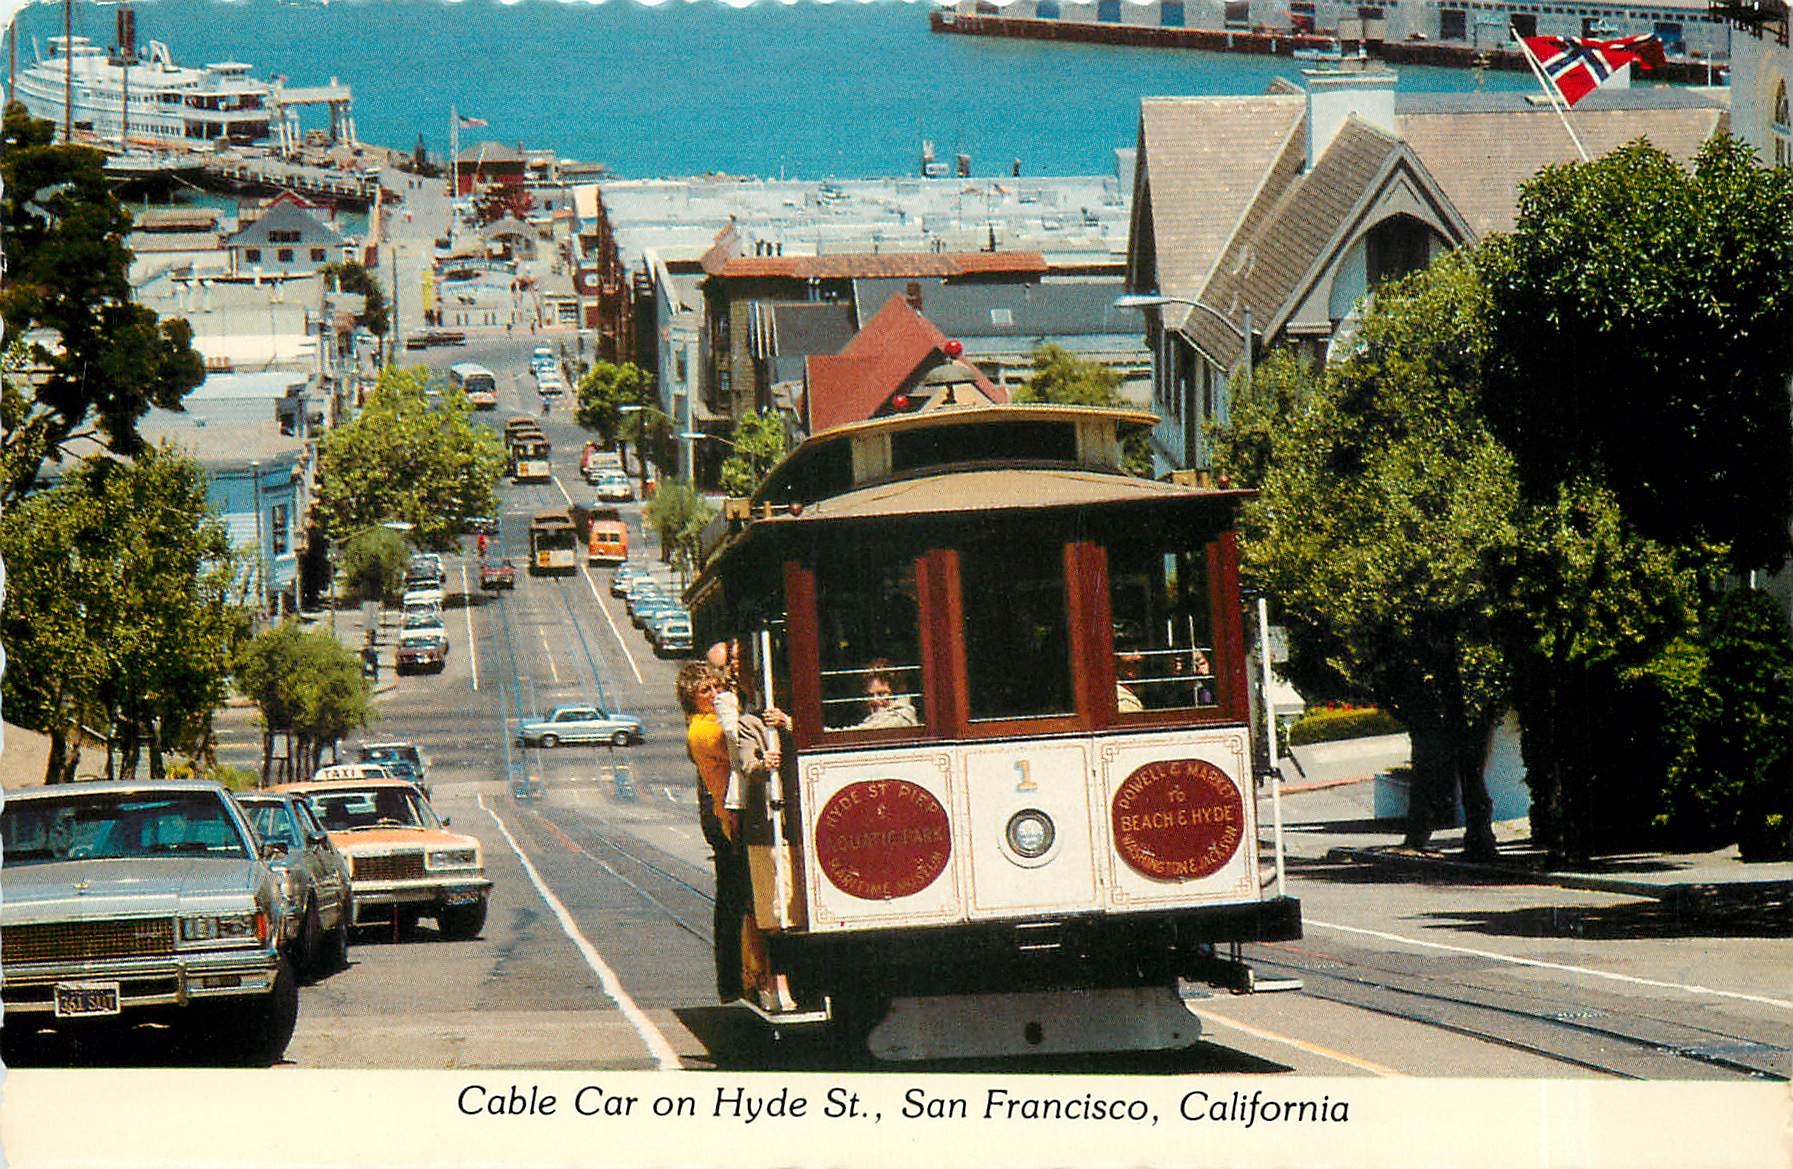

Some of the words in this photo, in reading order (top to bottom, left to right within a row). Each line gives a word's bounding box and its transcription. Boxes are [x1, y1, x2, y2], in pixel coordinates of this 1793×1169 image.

[323, 768, 355, 778] TAXI
[1014, 759, 1038, 792] 1
[1119, 766, 1168, 809] POWELL
[1186, 763, 1237, 798] MARKET
[825, 789, 863, 829] HYDE
[867, 783, 888, 799] ST
[898, 783, 940, 813] PIER
[1168, 789, 1186, 803] TO
[1121, 811, 1174, 832] BEACH
[1192, 804, 1234, 825] HYDE

What is expected – Return the material in full and unaltered, minus its pictures.

Answer for the task –
Some of the words in this photo, in reading order (top to bottom, left to right within a row). Each line gives a word's bounding box and its transcription. Boxes are [x1, y1, x2, y2], in pixel coordinates of this 1793×1169 image.

[323, 768, 355, 778] TAXI
[1014, 759, 1038, 792] 1
[1119, 766, 1168, 809] POWELL
[1186, 763, 1237, 798] MARKET
[825, 789, 863, 829] HYDE
[867, 783, 888, 799] ST
[898, 783, 940, 813] PIER
[1168, 789, 1186, 803] TO
[1121, 811, 1174, 832] BEACH
[1192, 804, 1234, 825] HYDE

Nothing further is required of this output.